CHAPTER II
CUINCHY AND GIVENCHY
Throughout October and November our battalion was in the firing-line. This meant that we spent life in an everlasting alternation between the trenches and our billets behind, just far enough behind, that is, to be out of the range of the light artillery; always, though, liable to be called suddenly into the firing-line, and never out of the atmosphere of the trenches. Always before us was dangled a promised “rest,” and always it was being postponed. Rumours were spread, dissected, laughed at, and eventually treated with bored incredulity. The battalion had had no rest, I believe, since May. Men, and especially N.C.O.‘s, who had been out since October, 1914, were tired out in body and spirit.
With the officers and certain new drafts of men, it was different. We came out enthusiastic and keen. On the whole, I thoroughly enjoyed those first two months. I am surprised now to see how much detail I wrote in my letters home.

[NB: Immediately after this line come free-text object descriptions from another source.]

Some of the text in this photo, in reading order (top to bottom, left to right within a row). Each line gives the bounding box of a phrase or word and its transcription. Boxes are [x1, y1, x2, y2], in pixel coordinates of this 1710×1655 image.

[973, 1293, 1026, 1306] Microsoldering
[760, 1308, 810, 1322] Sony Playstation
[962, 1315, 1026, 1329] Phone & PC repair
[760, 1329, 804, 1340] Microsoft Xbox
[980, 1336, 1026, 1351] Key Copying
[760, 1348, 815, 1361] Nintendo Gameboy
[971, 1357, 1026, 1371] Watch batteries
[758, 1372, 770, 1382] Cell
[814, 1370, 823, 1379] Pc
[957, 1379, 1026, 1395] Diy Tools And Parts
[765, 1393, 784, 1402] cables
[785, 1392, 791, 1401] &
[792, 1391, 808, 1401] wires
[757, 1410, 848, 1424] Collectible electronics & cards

Everything was fresh, everything new and interesting. And things were on the whole very quiet. We had a few casualties, but underwent no serious bombardment. And, most important to us, of course, we had no casualties among the officers.
Givenchy and Cuinchy are two small villages, north and south, respectively, of the La Bassée Canal, which runs almost due east and west between La Bassée and Béthune. Givenchy stands on a slight rise in the flattest of flat countries. A church tower of red brick must have been the most noticeable feature as one walked in pre-war days from the suburbs of Béthune along the La Bassée road. Cuinchy is a village straggling along a road. Both are as completely reduced to ruins as villages can be, the firing-line running just east of them. Between them flows the great sluggish canal.
During an afternoon in Béthune one could do all the shopping one required, and get a hair-cut and shampoo as well. Expensive cocktails were obtainable at the local bar; there was also a famous tea-shop. We were billeted in one of the small villages around. Sometimes we only stayed one night at a billet: there was always change, always movement. Sometimes I got a bed; often I did not; but a valise is comfortable enough, when once its tricks are mastered. Anyhow it is “billets” and not “trenches,” that is the point; a continuous night’s rest in pyjamas, the facilities of a bath, very often a free afternoon and evening, and no equipment and revolver to carry night and day! It was in billets the following letters were written, which are really the best description of my life at this period.
“19th October, 1915. Our battalion went into the trenches on the 14th and came out on the 17th. Our company, ‘B,’ was in support. The front line was about 300 yards ahead, and we held the second line, everything prepared to meet an attack in case the enemy broke through the first line. Half-way between our first and second lines was a kind of redoubt, to be held at all costs. Here you are:
The arrows indicate the direction in which the fire-trenches point.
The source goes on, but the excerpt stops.